What is the undersampling of failure?
Undersampling failure means that when we review the past to see what may work in the future, we have a tendency to dwell on success and not examine failure. Think of it this way. Say companies could choose one of two strategies, risky or safe. Of the companies that choose the risky strategy, some succeed wildly and others fail. Of the companies that choose the safe strategy, some are mildly successful and others mildly disappointing, but all stay in business. In other words, the outcomes for the risky strategy have high variance and the outcomes for the safe strategy have a low variance. Now you’re a new company coming along and want to be successful. So you study the records of companies and see that the wildly successful ones are those that selected the risky strategy. You don’t see the companies that chose the risky strategy and failed because they are dead. That is undersampling failure. The question is not: which strategy did the successful companies pursue? The question is: what are the outcomes of all of the companies that chose this strategy? A related point is that the success of a strategy only occurs with some probability. Major variables, including the tastes of consumers, the actions of competitors, and technological change, are simply impossible to fully anticipate.
Can you give us an example?
Michael Raynor, a consultant at Deloitte, offers the example of Sony’s MiniDisc. He argues that Sony’s strategy was brilliantly conceived, yet the product totally flopped.
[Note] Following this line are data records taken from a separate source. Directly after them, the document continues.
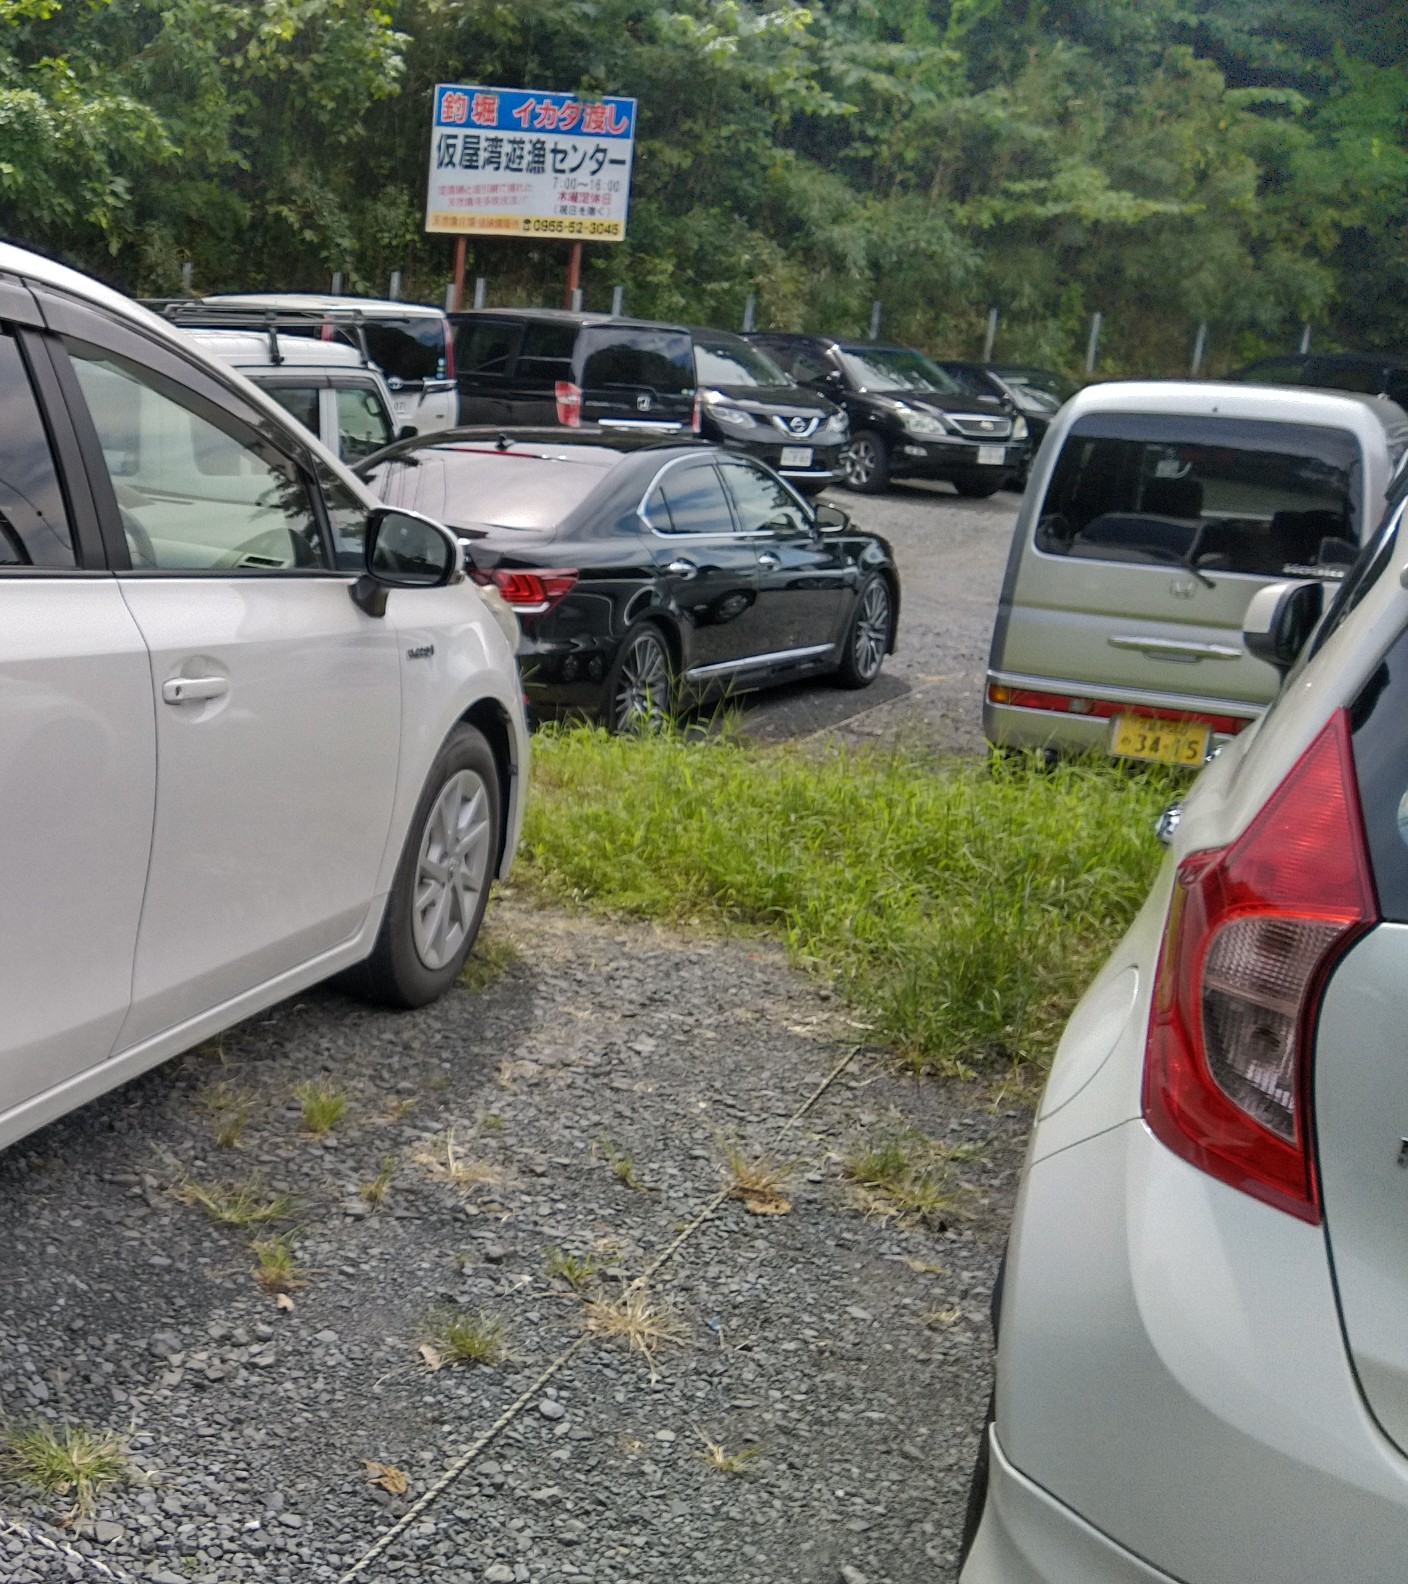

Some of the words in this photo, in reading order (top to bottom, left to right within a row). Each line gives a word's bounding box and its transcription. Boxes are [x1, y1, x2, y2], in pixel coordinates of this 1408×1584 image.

[441, 91, 498, 126] 釣堀
[512, 98, 629, 134] イカダ渡し
[437, 133, 626, 176] 仮屋湾遊漁センター
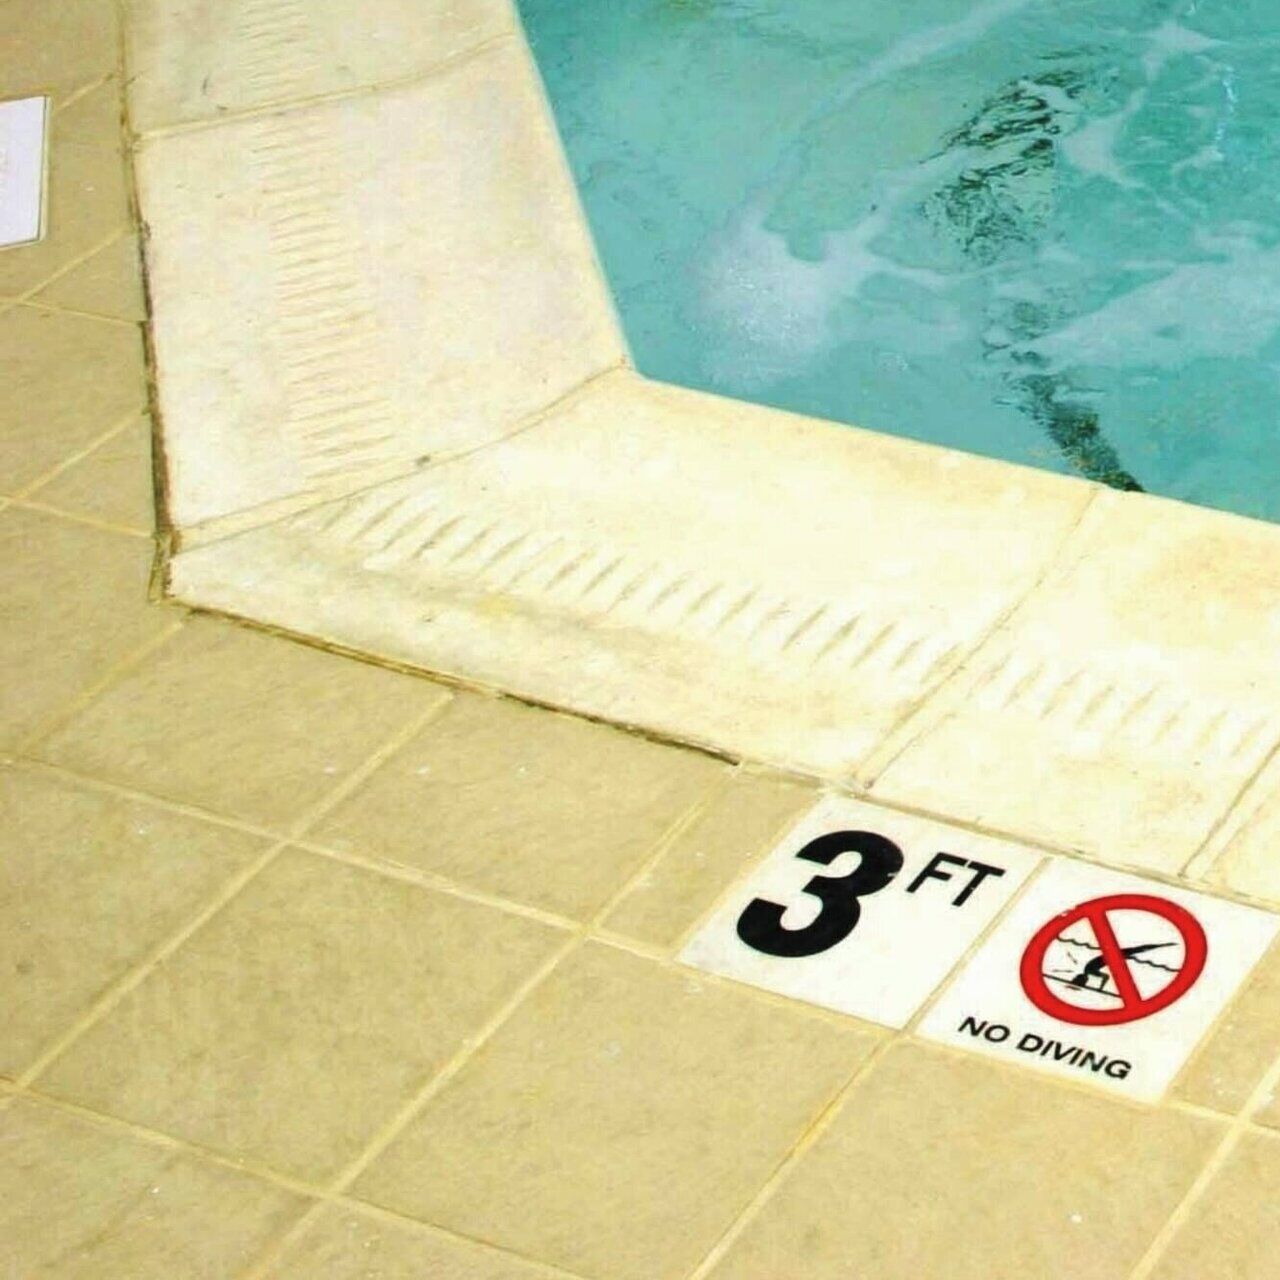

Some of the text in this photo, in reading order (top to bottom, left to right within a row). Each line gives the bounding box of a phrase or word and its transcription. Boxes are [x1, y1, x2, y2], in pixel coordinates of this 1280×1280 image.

[736, 830, 1006, 958] 3 FT
[958, 1016, 1133, 1080] NO DIVING
There are no sure things.
You write that “organizations tends to overestimate the degree to which the star’s skills are transferrable”…
This argument is an extension of the work done by Boris Groysberg, a professor at Harvard Business School. Groysberg has studied many cases in which stars switch organizations and found that in most cases their performance deteriorates. So skill is not as portable as we tend to think. One example he provides is that that of executives from General Electric. GE is well known to have among the best management training programs in the world. Further, rising to the ranks of GE management undoubtedly requires skill. Groysberg studied 20 executives who left GE over a two decade span and who took leadership positions at other companies. What he found was that those who went to firms organizationally very similar to GE tended to do quite well, while those that went to firms that were different fared poorly. So it’s not just skills that matter, but the match between skills and the environment.
You talk about the Playboy Playmates selecting stocks that generated greater returns than the broader market. Could you take our readers through that story? 
As a promotional stunt, a trading company asked former Playboy Playmates to pick 10 stocks at the beginning of 2006. The best of the Playmates did much better than the market, and a higher percentage of Playmates outperformed the market than did professional money managers. Right away, this should cause you to ponder an important question. How can a handful of presumably untrained individuals outperform diligent and dedicated professionals? In how many fields can amateurs beat the professionals?
What is the broader point you were trying to make?
The broader point I was making is that in fields where there is a good dose of luck, short-term outcomes do little to reveal differential skill. Over a longer period, you would most certainly expect the pros to do better than the amateurs. But it is common in business and investing to use evaluation periods that are simply too short to allow for any kind of concrete conclusions about differences in skill.
What is the paradox of skill? 
The paradox of skill says that as skill improves in an activity that includes both skill and luck, then luck becomes more important in determining outcomes. So more skill leads to more luck, the paradox.The paradox of skill says that as competitors in a field become more skillful, luck becomes more important in determining results. The key to this idea is what happens when skill improves in a field. There are two effects. First, the absolute level of ability rises. And second, the variance of ability declines.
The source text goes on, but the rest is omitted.